[Image-backed grounding data]
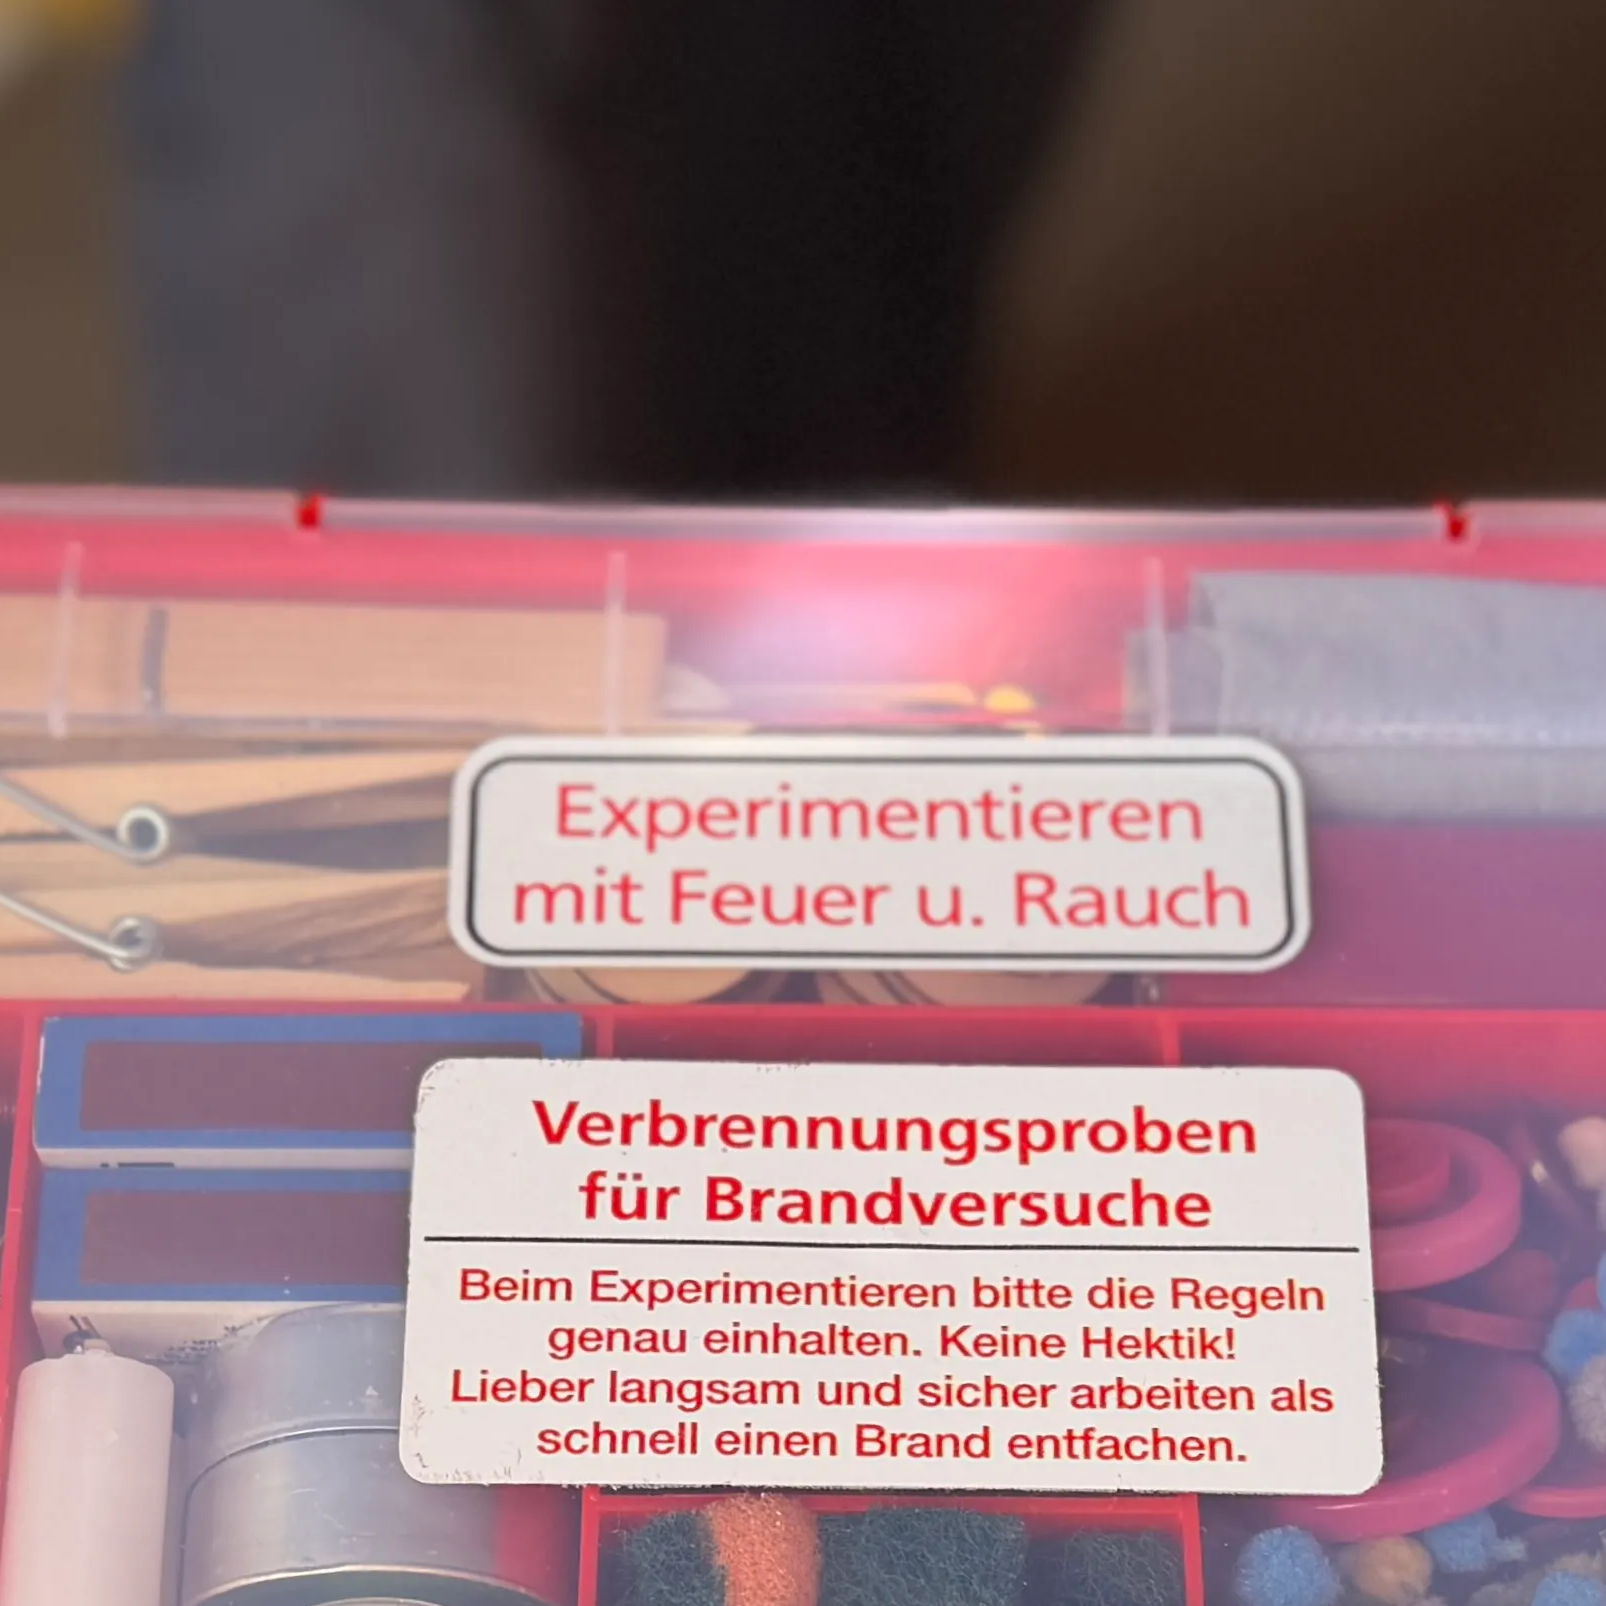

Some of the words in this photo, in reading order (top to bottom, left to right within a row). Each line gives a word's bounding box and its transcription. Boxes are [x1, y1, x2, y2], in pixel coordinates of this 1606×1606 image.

[557, 782, 1204, 854] Experimentieren
[514, 866, 643, 926] mit
[672, 870, 888, 926] Feuer
[919, 888, 983, 927] u.
[1015, 870, 1249, 928] Rauch
[533, 1099, 1256, 1166] Verbrennungsproben
[580, 1170, 680, 1221] für
[706, 1176, 1211, 1228] Brandversuche
[461, 1269, 572, 1302] Beim
[591, 1270, 956, 1311] Experimentieren
[972, 1275, 1073, 1310] bitte
[1087, 1276, 1155, 1311] die
[1171, 1278, 1324, 1319] Regeln
[549, 1328, 687, 1360] genau
[704, 1323, 920, 1357] einhalten.
[941, 1326, 1066, 1358] Keine
[1083, 1328, 1234, 1360] Hektik!
[452, 1371, 594, 1403] Lieber
[610, 1372, 800, 1413] langsam
[819, 1376, 901, 1406] und
[919, 1376, 1056, 1408] sicher
[1071, 1378, 1254, 1411] arbeiten
[1271, 1380, 1334, 1412] als
[539, 1423, 698, 1455] schnell
[715, 1431, 837, 1457] einen
[856, 1424, 990, 1459] Brand
[1008, 1428, 1245, 1462] entfachen.
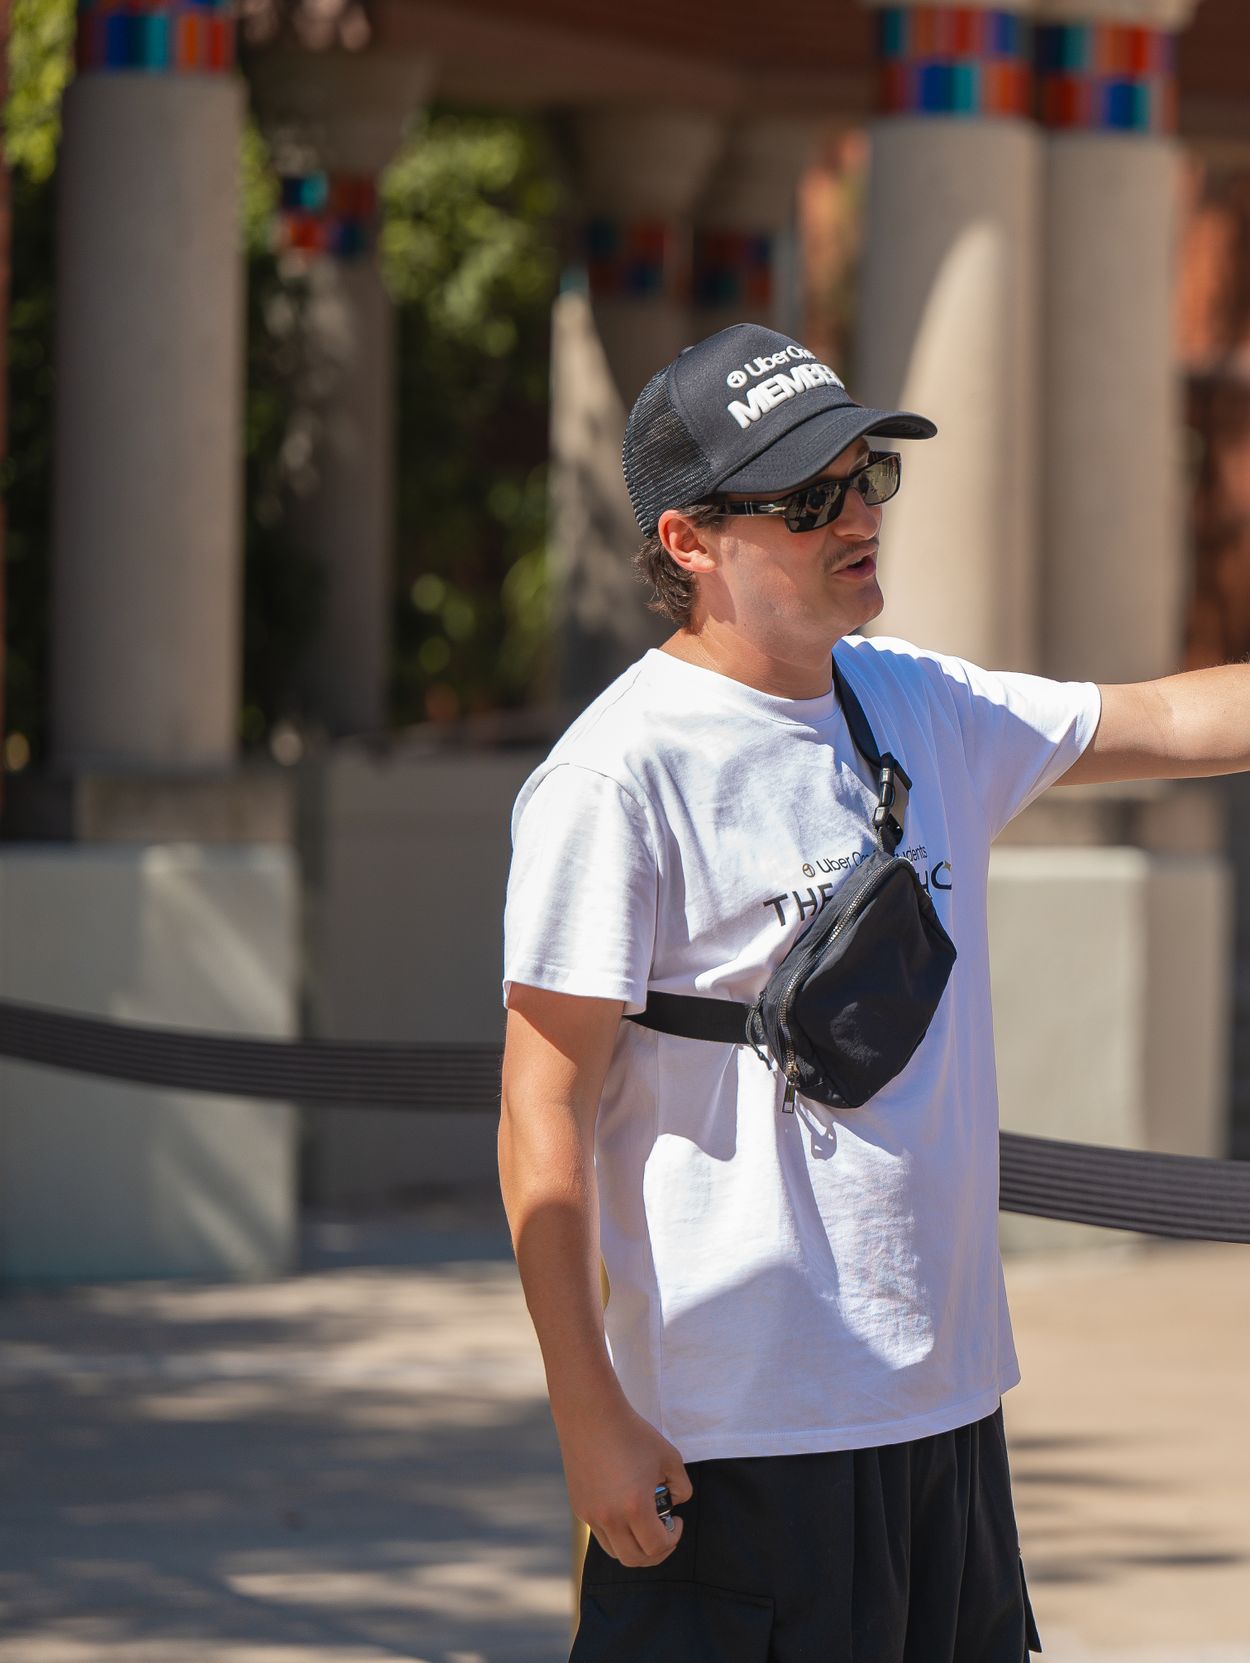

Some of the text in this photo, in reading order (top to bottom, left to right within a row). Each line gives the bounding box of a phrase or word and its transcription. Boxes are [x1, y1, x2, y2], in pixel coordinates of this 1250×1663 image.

[744, 350, 790, 377] Uber
[727, 363, 846, 429] MEMBE
[816, 855, 851, 874] Uber
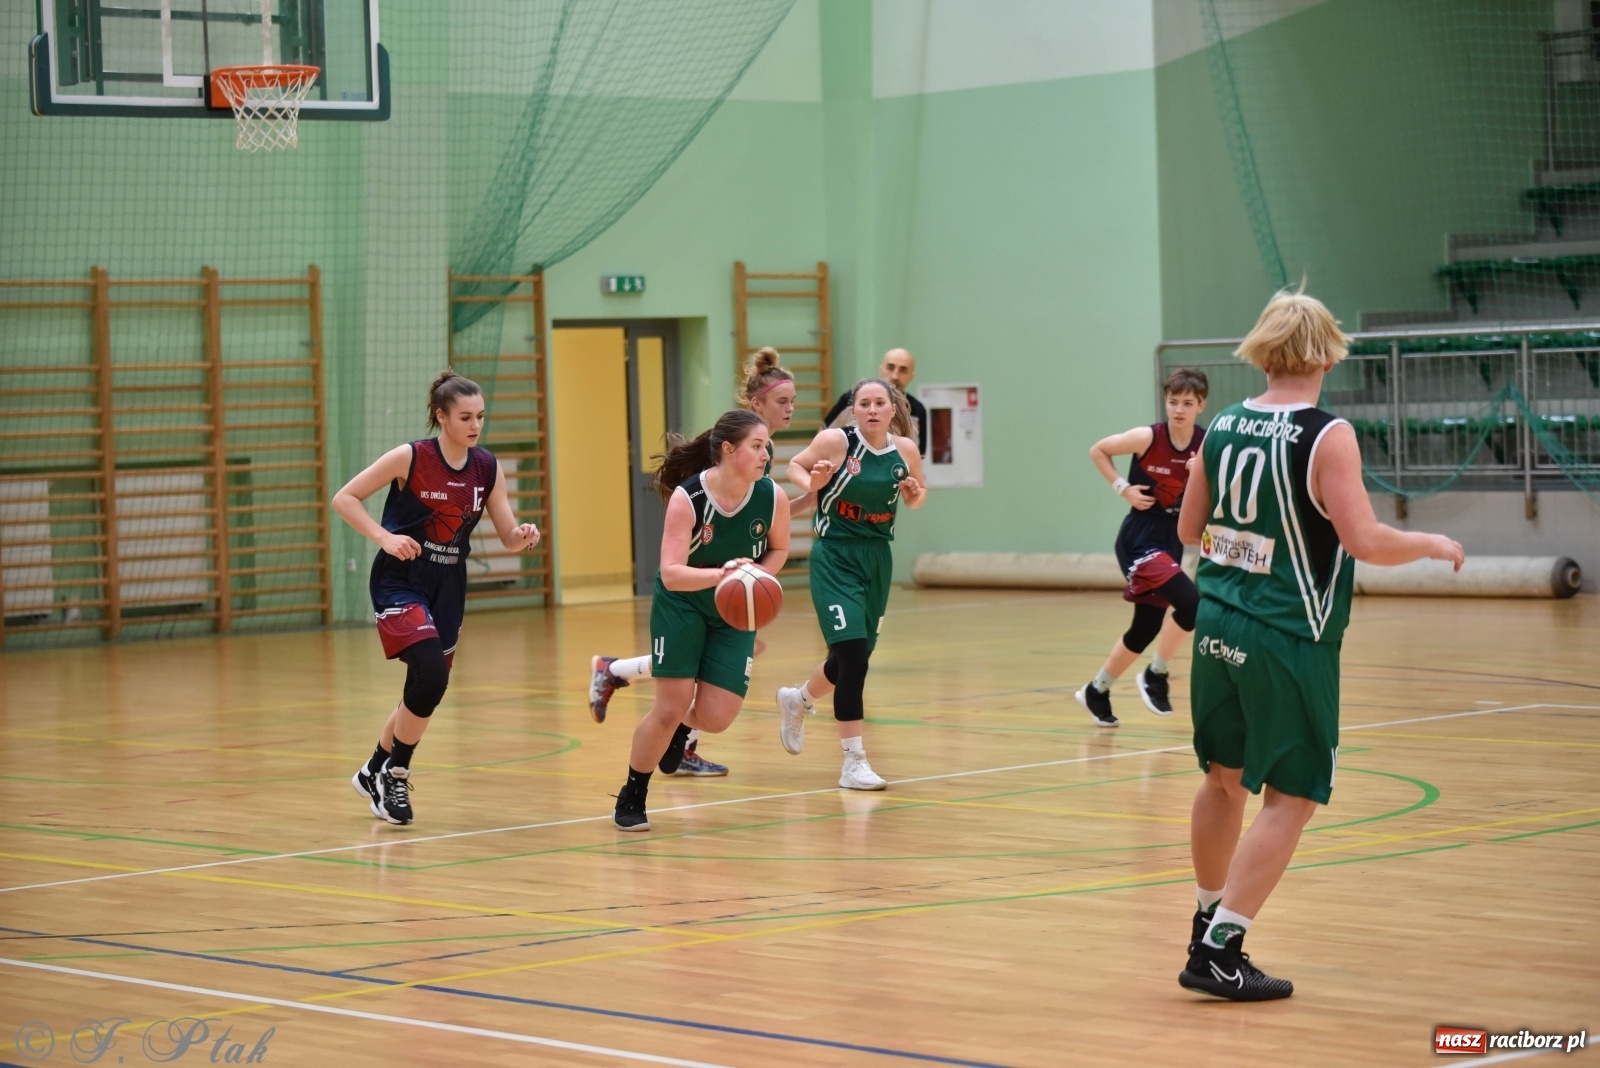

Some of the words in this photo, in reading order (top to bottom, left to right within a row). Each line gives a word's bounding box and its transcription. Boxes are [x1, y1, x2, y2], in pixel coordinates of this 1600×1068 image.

[421, 490, 429, 499] UKS
[1213, 443, 1266, 524] 10
[828, 604, 847, 631] 3
[654, 636, 665, 665] 4
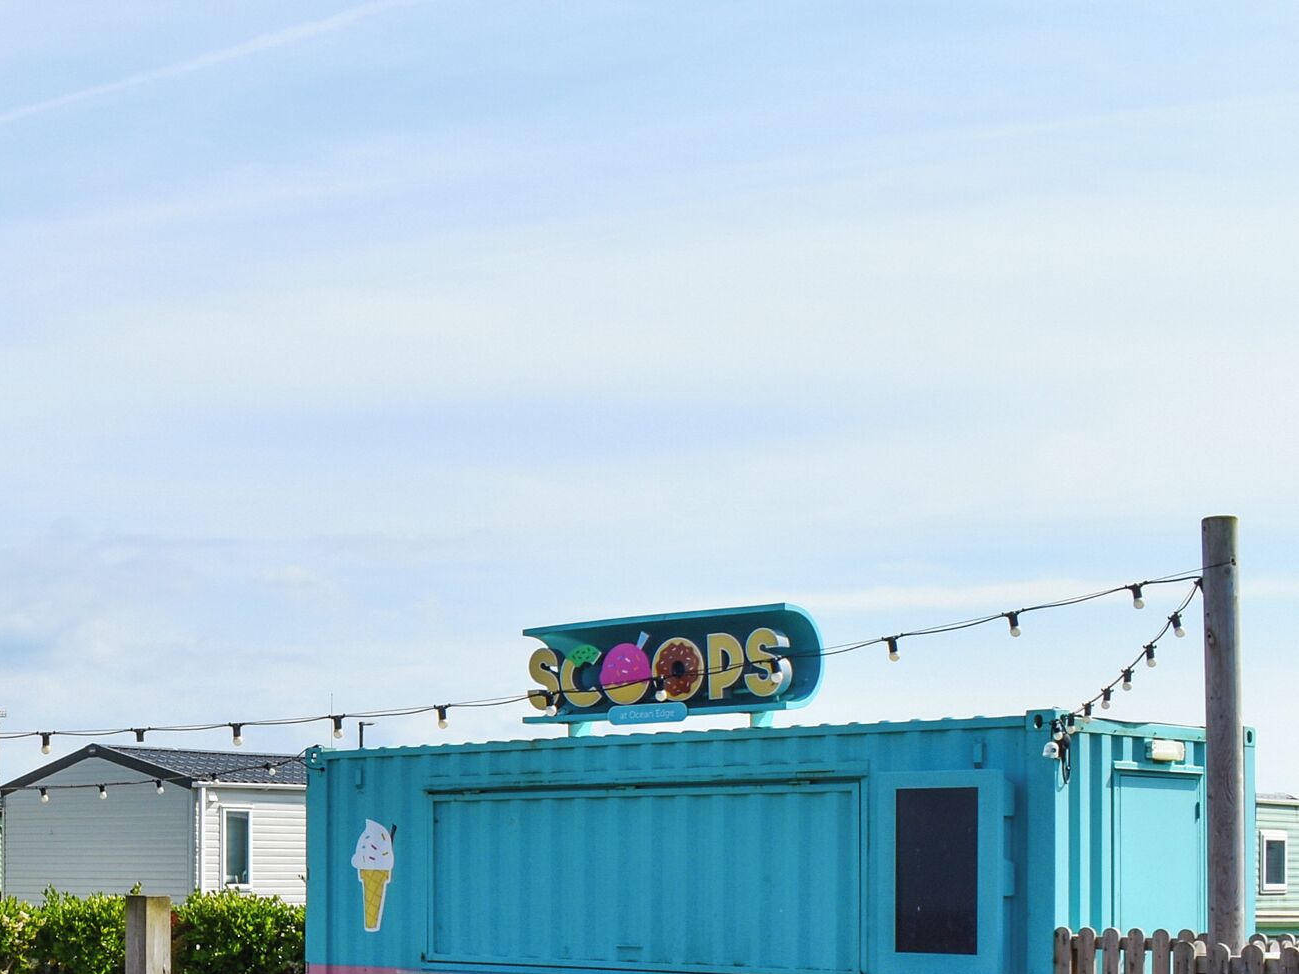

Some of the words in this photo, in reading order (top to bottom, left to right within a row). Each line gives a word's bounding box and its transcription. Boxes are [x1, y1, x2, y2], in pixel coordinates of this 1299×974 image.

TASK INSTRUCTIONS :: Each record above is to be returned unchanged, while any picture it holds stays out.

WRITTEN ANSWER ::
Some of the words in this photo, in reading order (top to bottom, left to right within a row). Each line gives a word's bounding box and its transcription. Boxes are [x1, y1, x2, y2], in pixel coordinates of this 1606×1606 image.

[557, 782, 1204, 854] Experimentieren
[514, 866, 643, 926] mit
[672, 870, 888, 926] Feuer
[919, 888, 983, 927] u.
[1015, 870, 1249, 928] Rauch
[533, 1099, 1256, 1166] Verbrennungsproben
[580, 1170, 680, 1221] für
[706, 1176, 1211, 1228] Brandversuche
[461, 1269, 572, 1302] Beim
[591, 1270, 956, 1311] Experimentieren
[972, 1275, 1073, 1310] bitte
[1087, 1276, 1155, 1311] die
[1171, 1278, 1324, 1319] Regeln
[549, 1328, 687, 1360] genau
[704, 1323, 920, 1357] einhalten.
[941, 1326, 1066, 1358] Keine
[1083, 1328, 1234, 1360] Hektik!
[452, 1371, 594, 1403] Lieber
[610, 1372, 800, 1413] langsam
[819, 1376, 901, 1406] und
[919, 1376, 1056, 1408] sicher
[1071, 1378, 1254, 1411] arbeiten
[1271, 1380, 1334, 1412] als
[539, 1423, 698, 1455] schnell
[715, 1431, 837, 1457] einen
[856, 1424, 990, 1459] Brand
[1008, 1428, 1245, 1462] entfachen.

Some of the text in this photo, in reading order (top to bottom, left to right within a row). Each line gives the bounding box of a phrase or word and its transcription. Boxes are [x1, y1, x2, y2], in pixel coordinates of this 1250×1663 image.

[744, 350, 790, 377] Uber
[727, 363, 846, 429] MEMBE
[816, 855, 851, 874] Uber

Some of the words in this photo, in reading order (top to bottom, left to right within a row). Each line gives a word's bounding box and its transcription. Boxes are [x1, y1, x2, y2], in pixel coordinates of this 1600×1068 image.

[421, 490, 429, 499] UKS
[1213, 443, 1266, 524] 10
[828, 604, 847, 631] 3
[654, 636, 665, 665] 4

Some of the words in this photo, in reading order (top to bottom, left to right within a row). Each line gives a word's bounding box and its transcription. Boxes are [x1, y1, x2, y2], in pixel coordinates of this 1299×974 image.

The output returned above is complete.